From the autobiography of "Ten Years of Love" to the longing of the elderly,
the background of the story of "Ten Years of Love" is the story of the director's own experience, which is half true and half false, so it is called a semi-autobiographical story. The world of gay men is relatively incomprehensible, especially when it comes to relationship specificity. There are a lot of gay movies whose backgrounds are related to AIDS and cheating. It seems that this phenomenon often occurs in gay circles. "Ten Years of Love" experiences two kinds of "addictions", the boyfriend's drug addiction and the love addiction. The magic of love has changed from being inseparable to experiencing hurt. Generally gay movies mainly focus on young people, history and middle-aged people coming out, how society accepts or not, family problems, sex and love. Gay movies are inseparable from existing models and themes. The more novel ones are like "The Kids are alright" (2010), or transgender themes. In fact, the space for the expression of gay films also spans the times, and relatively elderly gays are a group that is ignored.
As the name suggests, "Displaced Love" refers to the difficulties faced by elderly comrades. Last year, the US Constitution allowed gay couples to register for marriage, but the lives of elderly comrades are as problematic as ordinary people. On the one hand, it is how to explain to family members and children. Comrades in the old society marry the opposite sex because of social values. Only after marriage do you know who you love the most. Others are old and lonely and still single. Ben and George in the film are already a lucky couple, registered to get married and have a home of their own. Unexpectedly, the story begins because of marriage. A pair of comrades who have been together for 39 years cannot afford a building because one of them lost his job. The two have to live in the homes of other relatives and friends. The elderly lose their house only when they are old, and the originally beautiful space for getting along is suddenly disillusioned.
Young people can still be called "comeback" and move to other cities to find opportunities, but for the elderly, the future is a luxury, and the income is not as good as before. Although there is a marriage system in society, the overall social security cannot be promised all at once. Of course, the wish for the elderly is to keep watch by each other's side, but reality does not allow it.

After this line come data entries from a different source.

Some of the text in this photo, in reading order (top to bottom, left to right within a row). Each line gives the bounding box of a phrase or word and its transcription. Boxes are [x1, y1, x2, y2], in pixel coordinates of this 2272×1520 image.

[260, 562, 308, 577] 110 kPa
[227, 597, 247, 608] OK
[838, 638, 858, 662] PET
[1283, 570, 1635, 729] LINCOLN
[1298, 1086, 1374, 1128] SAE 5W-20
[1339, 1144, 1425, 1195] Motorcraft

When the "old" becomes a burdened
old man after selling the building, he lives in the house of relatives and friends. One moves to live with his nephew. This family is a typical family of three. The other one just moved to the house of the young people, and lived a colorful world every day, but it was out of tune with the living environment. It has resulted in the friction that is necessary to get along with others, and there is too much gap between life and one's own imagination. The nephew's side is not used to the sudden addition of one person in the family. Many times it is easy to talk about tolerance and acceptance, but it will be a problem in the long run. When it's simple, the chat and the content of the chat will be annoying. The so-called family members do not really understand the needs of the elderly, and the elderly may not be concerned about it. In this family, the nephew's son brought a friend home, and the two had suspicions about "base", which attracted the attention of their parents. This is also the fallacy of many people about comrades. They are more or less wary, wise and affectionate. At first, the children did not understand the inner world of Uncle "Gee", and had doubts about "Gee", but they finally solved it.
The family members of the two elders are only obliged to take care of them, but they do not have a life of "friendship" together, and it is not a moment to understand. Because they live separately, their "oldness" has become a burden to the family, and the trivial matters at home have added "trouble" in disguise.
Letting Go and Looking Forward
After being together for thirty-nine years, Lin Lao will endure separation and displacement. The movie presents seemingly trivial family affairs, dissatisfaction and obstacles in life, but it does not hinder the love of two people. At first I saw the happy life of two people, and later I saw them get together to chat, drink, and hug. Asked if they have done anything to hurt each other over the years, "yes" is no longer important. Thousands of words can't explain the relationship that two people have built up over the years, and the hurt has gradually become a reality. The old man no longer has to quarrel until he finds an answer like he did in youth. Love is still there, but it has turned into wine.
At the end of the movie, it is a real parting. Facing the issue of life and death, I chose to leave it blank. Everything is gone, see the relics of the wife. Learn to give up, learn to face, no need for sensationalism, no need to cry and scold, let go lightly. This "Displaced Love" is more relieved than the painful love of the director's previous work "Tears for You". The old people keep their love in their hearts. Fortunately, what they have encountered has been better than ours. People are happier. Compared with the United States, there is a better system of equal rights, and they have the right to inherit property. Their marriage was blessed by their family. In Chinese society, there is not much discussion and concern for the elderly comrades at all. The older comrades will say that when they are old, they need to build a Rainbow Nursing Home. I don’t know what will happen when our generation is old. Now gay movies in Europe and America are also beginning to appear "old gay movies", such as "Beginners" (2010) and Robin Williams' "Boulevard". Perhaps we can learn from these movies. Let's take a look at the coming out and thoughts of older comrades. At the same time, I also hope that Asia will take care of this group of neglected communities.